My name is Kate and I'm also new here. I came across this place while looking up Tai Chi establishments on Long Island. By the way, does anybody know any good ones? That and Tae Kwon Do.

I used to do Tae Kwon Do back when I was in 4th grade-ish; I'm entering my freshman year of college now. I was about to test for my green belt when I just quit - still think it was a bad decision. I'm hoping to get back into it now; better late than never.

Nice to meet you all! =]


----------



## arnisador (Jul 3, 2008)

Welcome! Is there nothing offered on campus?


----------



## 14 Kempo (Jul 3, 2008)

Hello and welcome to MartialTalk ... enjoy!


----------



## katepanda (Jul 3, 2008)

arnisador said:


> Welcome! Is there nothing offered on campus?


 
That's where I have a problem. I was originally going away to a college in Conneticut. Now, due to personal reasons, I applied to something more local. I should be hearing from the local campus within the next week. I'm still enrolled at the Conneticut university, though. So, I have to see what happens.

Thanks for the welcomes!


----------



## Kacey (Jul 3, 2008)

Welcome, and happy posting!  :wavey:

Lots of colleges have some kind of MA class, club, or program - don't lock yourself into TKD if you find something else that interests you.  And good luck with both finding a class and with college!


----------



## stickarts (Jul 3, 2008)

Welcome to MT!


----------



## Sukerkin (Jul 3, 2008)

Welcome *Kate*.  

As *Kacey* said above, don't lock yourself in to a fixed path with the martial arts.  There's a broad spectrum out there so, as with any subject, take your time and form your opinions as you go .


----------



## katepanda (Jul 3, 2008)

Thanks Sukerkin and Kacey for the advice. I'm currently looking at the different forms as I type.

Can somebody tell me the difference between Tae Kwon Do and Hapkido?


----------



## arnisador (Jul 3, 2008)

TKD evolved from Karate and emphasizes kicking, and HKD evolved from jujutsu and emphasizes locks.
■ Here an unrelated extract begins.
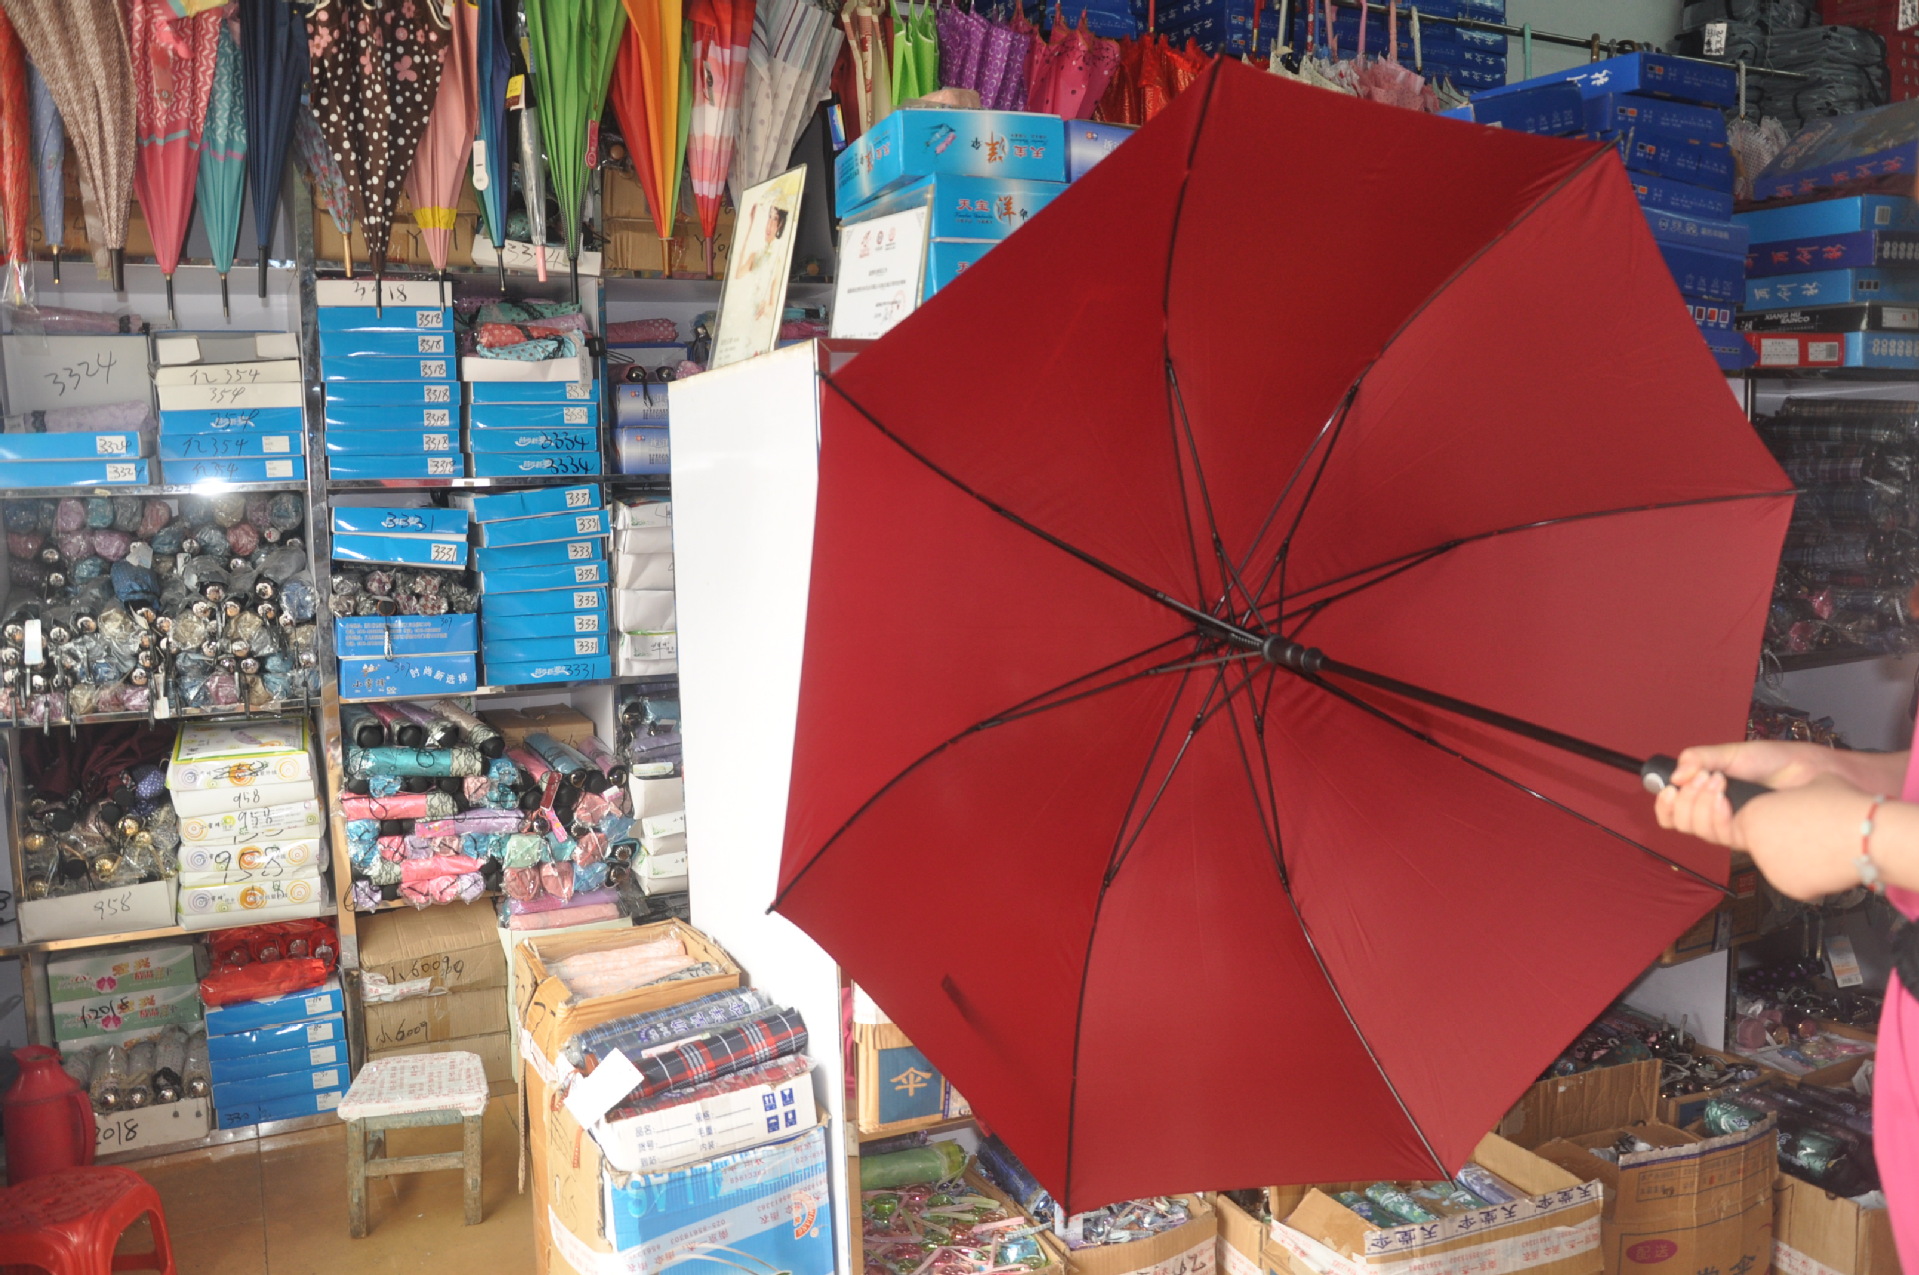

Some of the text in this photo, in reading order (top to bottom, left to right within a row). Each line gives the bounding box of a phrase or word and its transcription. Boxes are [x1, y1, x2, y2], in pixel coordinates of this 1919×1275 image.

[44, 350, 117, 397] 3324
[94, 891, 133, 920] 958
[889, 1066, 933, 1098] 伞
[1369, 1223, 1438, 1250] 天堂伞
They're very complementary; TKD is often mroe sports-oriented and HKD is often more self-defense-oriented. But, it varies! HKD especially varies from org. to org.


----------



## morph4me (Jul 3, 2008)

Hello Kate, welcome to MT


----------



## IcemanSK (Jul 3, 2008)

Welcome to MT.


----------



## katepanda (Jul 3, 2008)

arnisador said:


> TKD evolved from Karate and emphasizes kicking, and HKD evolved from jujutsu and emphasizes locks. They're very complementary; TKD is often mroe sports-oriented and HKD is often more self-defense-oriented. But, it varies! HKD especially varies from org. to org.


 
Interesting. Thanks for the response! That actually cleared up a few questions I had.
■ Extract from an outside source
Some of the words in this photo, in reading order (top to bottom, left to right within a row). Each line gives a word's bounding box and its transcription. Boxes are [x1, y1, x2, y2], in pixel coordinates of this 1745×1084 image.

Also, thanks for the welcomes! This place is great so far! =]


----------



## Pacificshore (Jul 4, 2008)

Welcome and good luck on your MA search as well as your first year in College


----------



## tshadowchaser (Jul 4, 2008)

Greetings


----------



## bowser666 (Jul 5, 2008)

Welcome and enjoy your stay.


----------



## Drac (Jul 5, 2008)

Greetings...


----------



## MBuzzy (Jul 5, 2008)

Welcome to MT!  Happy posting!


----------



## LanJie (Jul 5, 2008)

Hello,
I hope everyone is having a good holiday weekend.


----------



## Hawke (Jul 6, 2008)

Greetings Kate,

Welcome to Martial Talk.

If possible checkout the local dojos, training halls, and studios.  If finance is a challenge for you at this stage in life the college courses offers a very reasonable cost to help you get back in the martial arts.

Checkout this link to help you choose:

Chosing A School by Kacey
http://martialtalk.com/forum/showthread.php?t=47497

The instructor is my opinion is more important than the style.  A good instructor will work with you and teach you what you need.  Feel free to take some of the free classes offered by a lot of dojos to see if your a good match with the studio.  Even if you think you found the right one, go checkout some others so you can make a more informed decision.

Good luck in your search.


----------